*Entries shown*.
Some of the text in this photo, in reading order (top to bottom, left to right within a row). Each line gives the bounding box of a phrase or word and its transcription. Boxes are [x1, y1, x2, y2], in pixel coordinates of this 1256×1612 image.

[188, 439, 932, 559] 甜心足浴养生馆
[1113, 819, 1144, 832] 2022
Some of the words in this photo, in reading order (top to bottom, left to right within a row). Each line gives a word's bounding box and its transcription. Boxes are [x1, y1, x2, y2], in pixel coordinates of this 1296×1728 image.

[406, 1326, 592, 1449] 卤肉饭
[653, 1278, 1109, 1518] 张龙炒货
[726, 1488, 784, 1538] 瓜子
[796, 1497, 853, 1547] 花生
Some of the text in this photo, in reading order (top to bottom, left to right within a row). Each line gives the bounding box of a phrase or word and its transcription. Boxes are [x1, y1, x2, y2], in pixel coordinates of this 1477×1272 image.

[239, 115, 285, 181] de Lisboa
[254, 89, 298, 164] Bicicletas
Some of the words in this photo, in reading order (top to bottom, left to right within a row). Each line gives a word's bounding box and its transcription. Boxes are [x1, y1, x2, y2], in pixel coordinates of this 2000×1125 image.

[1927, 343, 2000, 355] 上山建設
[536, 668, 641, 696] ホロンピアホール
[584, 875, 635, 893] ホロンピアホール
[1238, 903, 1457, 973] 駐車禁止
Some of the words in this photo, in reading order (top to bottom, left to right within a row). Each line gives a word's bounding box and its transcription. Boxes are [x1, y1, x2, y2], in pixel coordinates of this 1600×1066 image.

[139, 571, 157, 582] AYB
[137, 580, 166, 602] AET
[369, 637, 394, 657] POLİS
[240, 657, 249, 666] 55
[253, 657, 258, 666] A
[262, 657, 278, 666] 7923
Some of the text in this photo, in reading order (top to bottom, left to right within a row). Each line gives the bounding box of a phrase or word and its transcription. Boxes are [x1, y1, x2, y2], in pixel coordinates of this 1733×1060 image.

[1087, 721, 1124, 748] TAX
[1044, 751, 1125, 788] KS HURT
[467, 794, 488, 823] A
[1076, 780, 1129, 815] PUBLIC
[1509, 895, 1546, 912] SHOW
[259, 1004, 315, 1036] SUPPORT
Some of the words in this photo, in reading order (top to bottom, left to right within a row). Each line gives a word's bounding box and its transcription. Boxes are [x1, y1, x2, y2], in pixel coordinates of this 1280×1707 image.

*Activity*.
The data must be transcribed in full. Every word stays the same.

*Response area*.
Some of the text in this photo, in reading order (top to bottom, left to right within a row). Each line gives the bounding box of a phrase or word and its transcription. Boxes are [x1, y1, x2, y2], in pixel coordinates of this 1256×1612 image.

[188, 439, 932, 559] 甜心足浴养生馆
[1113, 819, 1144, 832] 2022
Some of the words in this photo, in reading order (top to bottom, left to right within a row). Each line gives a word's bounding box and its transcription. Boxes are [x1, y1, x2, y2], in pixel coordinates of this 1296×1728 image.

[406, 1326, 592, 1449] 卤肉饭
[653, 1278, 1109, 1518] 张龙炒货
[726, 1488, 784, 1538] 瓜子
[796, 1497, 853, 1547] 花生
Some of the text in this photo, in reading order (top to bottom, left to right within a row). Each line gives the bounding box of a phrase or word and its transcription. Boxes are [x1, y1, x2, y2], in pixel coordinates of this 1477×1272 image.

[239, 115, 285, 181] de Lisboa
[254, 89, 298, 164] Bicicletas
Some of the words in this photo, in reading order (top to bottom, left to right within a row). Each line gives a word's bounding box and its transcription. Boxes are [x1, y1, x2, y2], in pixel coordinates of this 2000×1125 image.

[1927, 343, 2000, 355] 上山建設
[536, 668, 641, 696] ホロンピアホール
[584, 875, 635, 893] ホロンピアホール
[1238, 903, 1457, 973] 駐車禁止
Some of the words in this photo, in reading order (top to bottom, left to right within a row). Each line gives a word's bounding box and its transcription. Boxes are [x1, y1, x2, y2], in pixel coordinates of this 1600×1066 image.

[139, 571, 157, 582] AYB
[137, 580, 166, 602] AET
[369, 637, 394, 657] POLİS
[240, 657, 249, 666] 55
[253, 657, 258, 666] A
[262, 657, 278, 666] 7923
Some of the text in this photo, in reading order (top to bottom, left to right within a row). Each line gives the bounding box of a phrase or word and its transcription. Boxes are [x1, y1, x2, y2], in pixel coordinates of this 1733×1060 image.

[1087, 721, 1124, 748] TAX
[1044, 751, 1125, 788] KS HURT
[467, 794, 488, 823] A
[1076, 780, 1129, 815] PUBLIC
[1509, 895, 1546, 912] SHOW
[259, 1004, 315, 1036] SUPPORT
Some of the words in this photo, in reading order (top to bottom, left to right within a row). Each line gives a word's bounding box and its transcription. Boxes are [x1, y1, x2, y2], in pixel coordinates of this 1280×1707 image.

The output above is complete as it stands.